**Problem to work on**
Could each entry below be printed again exactly as given?

**Records supplied**

══════

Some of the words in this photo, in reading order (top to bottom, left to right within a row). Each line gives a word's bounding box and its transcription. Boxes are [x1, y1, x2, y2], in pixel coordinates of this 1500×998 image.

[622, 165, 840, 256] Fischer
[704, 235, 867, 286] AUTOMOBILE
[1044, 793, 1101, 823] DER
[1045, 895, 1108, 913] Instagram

══════

**The completed task**
Some of the words in this photo, in reading order (top to bottom, left to right within a row). Each line gives a word's bounding box and its transcription. Boxes are [x1, y1, x2, y2], in pixel coordinates of this 1500×998 image.

[622, 165, 840, 256] Fischer
[704, 235, 867, 286] AUTOMOBILE
[1044, 793, 1101, 823] DER
[1045, 895, 1108, 913] Instagram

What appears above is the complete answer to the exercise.